I announce on social media, clear a spot in my weekly routine, and eagerly await the start of another class on Coursera… which I will inevitably drop. I’ve never once completed a massive open online course, the exciting trend bringing free college courses to the masses. I’ve failed at dozens in many academic disciplines. I’m not a bad student, though. One look at the front of my mom’s refrigerator will show you that. I even managed a 3.8 GPA on a master’s degree with a lot of online coursework. So why are MOOCs my academic Achilles’s heel?
I’m not alone in my struggle. Times Higher Education says the completion rate is below 7% and Mind/Shift says it’s below 10%. There are some excellent theories and research done into why the dropout is so high. Steve Kolowich in at The Chronicle for Higher Education in particular has some great pieces and new ideas. But I don’t think any of it will work for me.
I want to be the smart kid in class. It’s not the paternal affirmation of a proud teacher that I’m seeking, though that never hurts. I want to take the role of a leader or guide or even thoughtful commentator on our collective academic challenge. Education has been the place I find my identity as much as it is where I acquire new information. MOOCs don’t provide that for me. But they could.
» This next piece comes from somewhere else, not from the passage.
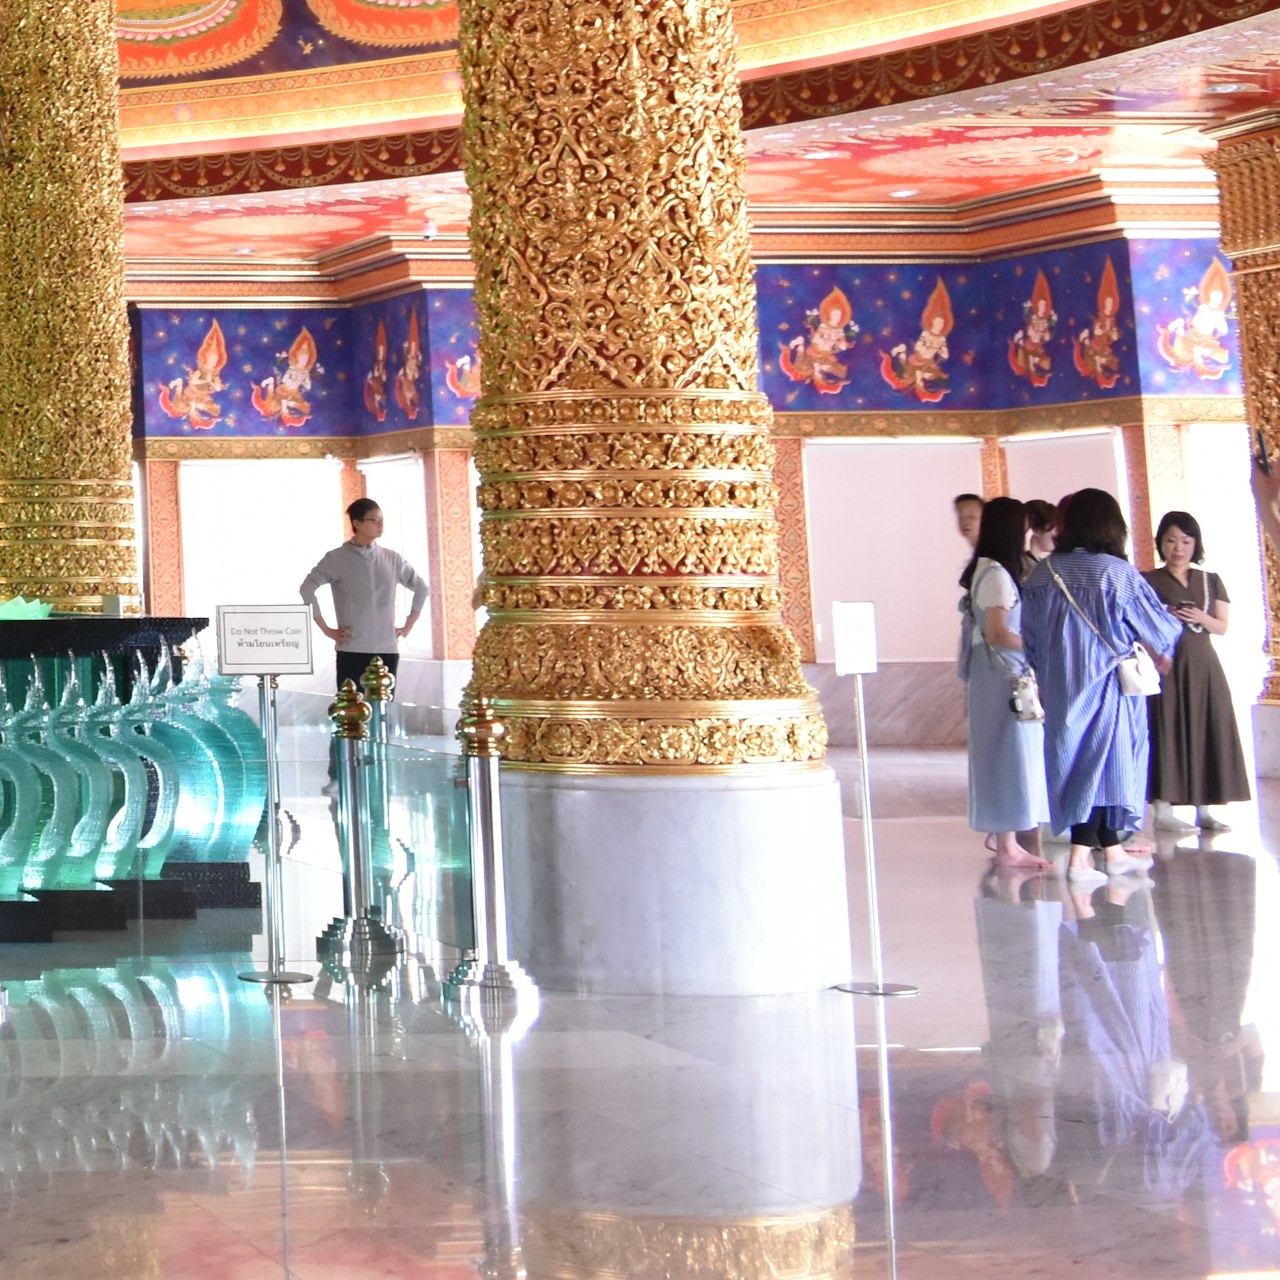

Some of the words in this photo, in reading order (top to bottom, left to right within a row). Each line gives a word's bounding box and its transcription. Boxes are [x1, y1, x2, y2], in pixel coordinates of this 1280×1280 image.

The courses I completed online mattered for my degree. I was financially invested. The GPA would reflect on my professional credentials. It was right along my central academic interests and I did not sign up for the class impulsively. All those factors matter and they’ve all been identified by a dozen different sources. I don’t buy it. They can be overcome. I stuck with my classes because people wanted me in their discussions or project teams.
Look at the relationships that blossom in the typical college experience. The human, social impact of a learning environment needs to be better incorporated into the MOOC experience. Track what classes yield the most lasting interpersonal relationships and build on that. Make Coursera rival eHarmony in how many marriages it yields. The cliques that emerge from MOOCs can be the next Skull and Bones fraternity.
Kolowich suggested that adaptive learning be brought MOOCs to increase the personalization that a students receive. With over a hundred thousand students quietly following along a series of recorded videos, a little personalization seems fitting. The premise of Kolowich’s suggestion is exciting: Implement existing educational technology into the MOOC framework to enrich the experience and increase retention.
I hope to find a MOOC that has a rolling series of live sessions hosted by eager volunteer TAs. I’d jump in one of these Google Hangout sessions, buzz in my answers on ExitTicket after chatting with my peers. My scores would unlock a ClassBadge for my whole study group. As the first ones to get the novelty badge, our team would be recognized on the class’s homepage. Are you trying to make a massive open online class retain more of their students? Use technology to enhance educational relationships and not replace them.